ColliganLands;620771 said:


> ill look into it. but hopefully your wrong for my wallets sake


I thought you just said the truck is still under warranty? If you want me to have my mechanic look at it I can arrange that. He will know in the matter of a phone call, what the problem is.


----------



## cretebaby (Aug 23, 2008)

Gicon;620753 said:


> My friend, $12K in parts doesnt mean there is nothing else wrong with it. My guess is, if you had to put $12k into a 2005 truck there are more problems.
> Once you get the batteries fixed, that will have absolutely nothing to do with your heat. I would guess you need a thermostat or perhaps your system is low on Freon


what that got to do with the heat?


----------



## Gicon (Oct 1, 2005)

Where do you think your heat comes from?


----------



## ColliganLands (Sep 4, 2008)

from the coolant in the block. freeon is in the a/c system
i just pulled the invoice from the dealer. it specifically states: customer complains hard to start in cold conditions. checked glow plugs - no problems. recommend installing 2 new batteries. customer declines. so that rules out the glow plugs


----------



## Gicon (Oct 1, 2005)

Colligan, I am willing to place a friendly bet with you that you have a problem in your Glow Plug system. You name the bet. Just becuase a dealer writes up that they couldnt find anything wrong means nothing at all. I have dealt with many dealerships that simply dont know these Diesel trucks. I am very confident you have a problem in your Glow Plug system. Almost 100% positive. I have owned diesels for quite some time. Lets place a friendly bet on it.


----------



## cretebaby (Aug 23, 2008)

Gicon;620791 said:


> Colligan, I am willing to place a friendly bet with you that you have a problem in your Glow Plug system. You name the bet. Just becuase a dealer writes up that they couldnt find anything wrong means nothing at all. I have dealt with many dealerships that simply dont know these Diesel trucks. I am very confident you have a problem in your Glow Plug system. Almost 100% positive. I have owned diesels for quite some time. Lets place a friendly bet on it.

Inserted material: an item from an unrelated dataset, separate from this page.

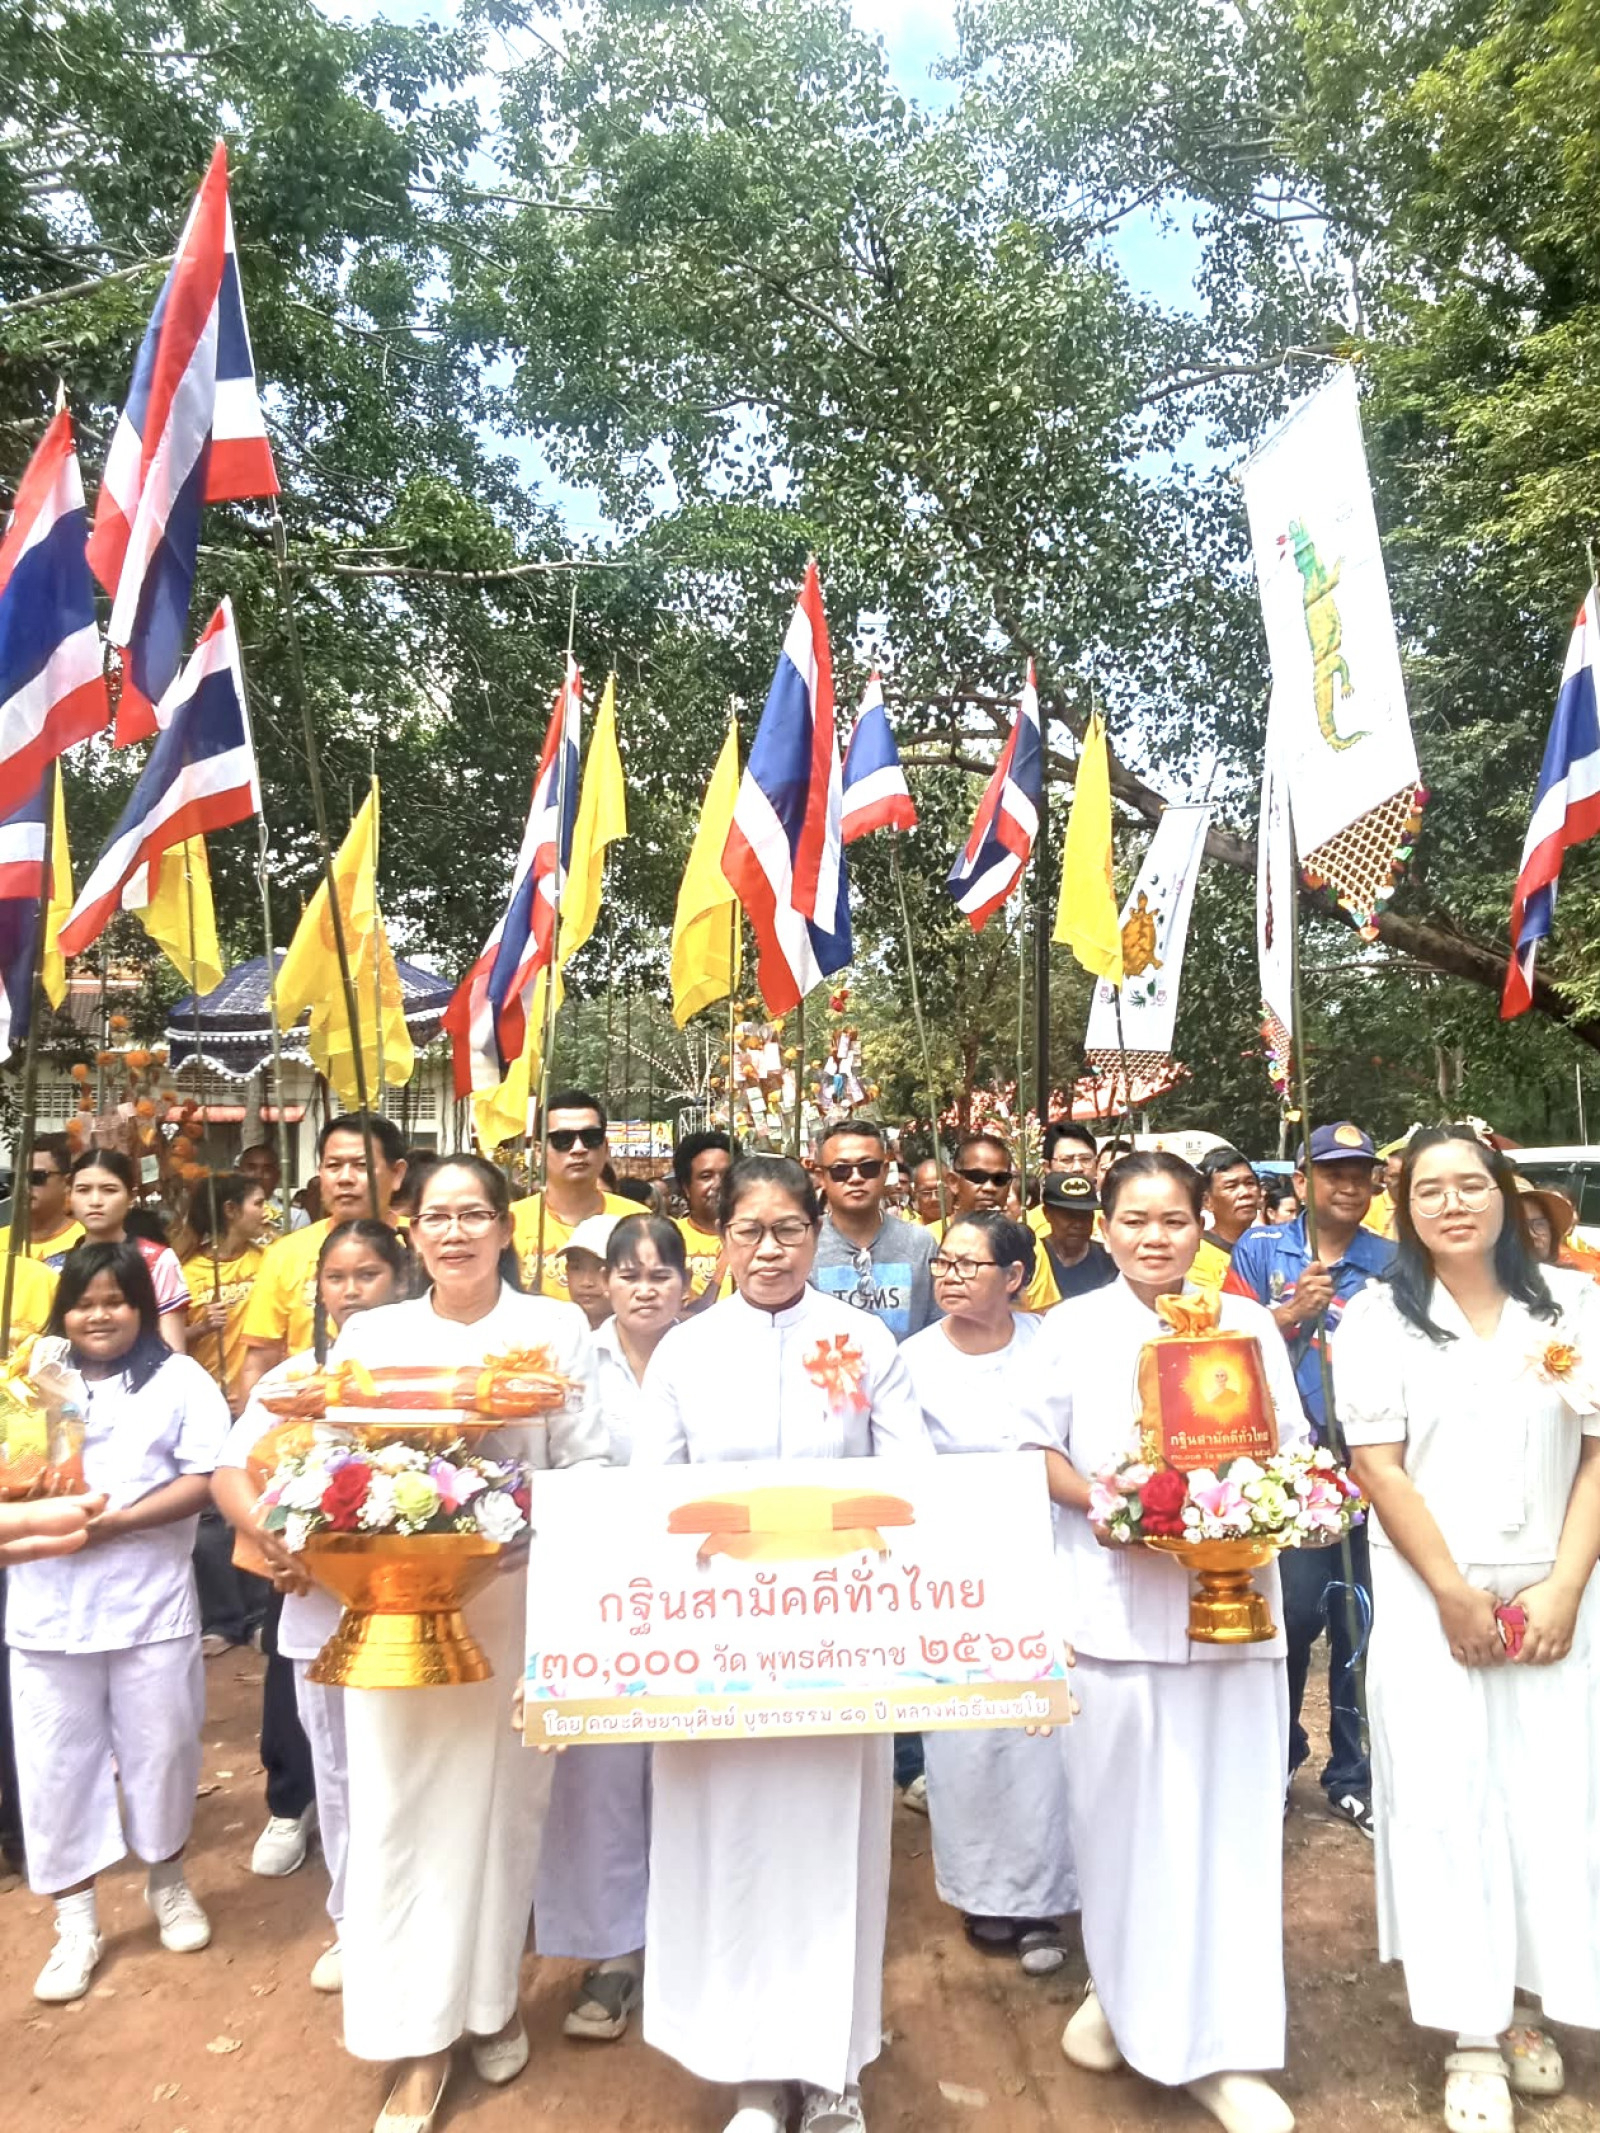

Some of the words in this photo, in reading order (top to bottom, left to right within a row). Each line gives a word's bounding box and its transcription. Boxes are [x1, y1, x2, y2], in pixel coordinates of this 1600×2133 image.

this from a guy that thinks the heat comes from the freon and that trucks dont have oil pans


----------



## Gicon (Oct 1, 2005)

I think if the system is low on Freon, it will not work properly. I know the A/C compressor runs all the time to eliminate moisture in the air. I also thought it fed the system with heat before there was enough heat coming off the engine.
P.S. The oil pans are back on the Fords now. They had 2 production years where they did not use a pan, but now they do again.


----------



## cretebaby (Aug 23, 2008)

Gicon;620794 said:


> I think if the system is low on Freon, it will not work properly. I know the A/C compressor runs all the time to eliminate moisture in the air. I also thought it fed the system with heat before there was enough heat coming off the engine.
> P.S. The oil pans are back on the Fords now. They had 2 production years where they did not use a pan, but now they do again.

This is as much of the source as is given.